Monday, December 10, 2007

WRITTEN WORD 40 - While I Was Away


I was like someone who has sojourned far from a familiar place, and when that person returns he finds there have been earthquakes and forest fires and hurricanes, and although the place has been quickly and carefully rebuilt to cover up the damage, nothing remains the same.

My subject matter, what I had to write about when I returned to writing, bore little resemblance to what my subject matter had been back when I thought I could write an amusing book about the family. Back when I was most interested in my stories that entailed exotic and erotic adventures in foreign lands far from any home or childhood.

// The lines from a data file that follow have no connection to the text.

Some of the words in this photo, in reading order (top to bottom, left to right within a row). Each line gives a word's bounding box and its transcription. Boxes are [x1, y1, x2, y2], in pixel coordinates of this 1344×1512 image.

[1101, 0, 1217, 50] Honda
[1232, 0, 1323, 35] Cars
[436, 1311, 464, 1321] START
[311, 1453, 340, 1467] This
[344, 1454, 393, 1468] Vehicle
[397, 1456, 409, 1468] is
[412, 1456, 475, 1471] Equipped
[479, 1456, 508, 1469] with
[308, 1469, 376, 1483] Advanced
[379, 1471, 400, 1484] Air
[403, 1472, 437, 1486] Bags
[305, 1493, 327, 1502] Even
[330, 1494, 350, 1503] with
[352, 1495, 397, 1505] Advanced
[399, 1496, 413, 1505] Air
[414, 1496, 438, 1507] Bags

While I was off on this sojourn, there had been a great deal of death, some of it metaphorical and some of it literal, as in the suicide of my Cousin Elka, who hung herself in San Diego where her absent husband had been teaching anthropology. I got the news while spending a few duty days in my mother’s brand-new West Coast Florida condominium, which looked like a prison from the outside, the building was so barren, and on the inside if you turned a door knob there was a good chance it would come off in your hand. My mother came into the tiny guest room – where three years back I had left my father dying in a rented hospital bed beside a rented steel contraption called a Hoyer Lift.

My mother had been speaking on the phone with Elka’s mother, my very correct Aunt Peggy, who had called from Scarsdale with the news. I called Elka’s husband, my obese, pedigreed cousin Fitz John Porter Poole. He spoke as if from a hollow place. He seemed to me more resigned than disturbed, and it sounded like it was due less to shock than that the event for him had a matter-of-fact quality to it.

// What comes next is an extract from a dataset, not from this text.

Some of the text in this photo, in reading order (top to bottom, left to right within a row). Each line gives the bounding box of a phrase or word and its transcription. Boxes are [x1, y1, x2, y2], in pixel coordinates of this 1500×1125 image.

A few hours later my mother came looking for me. She was drinking and beaming. It’s all right, she said. Peggy called me again. My Aunt Peggy had just spoken to Elka’s mother, who had decided everything was for the best. Elka had been such a trial to her family. And now, Aunt Peggy said, she and Elka’s mother were happy that the way was clear for Fitz John to get on with his life.

It was another twenty years before Fitz John shot himself, but I had plenty of new material to work with long before that when I went back to writing.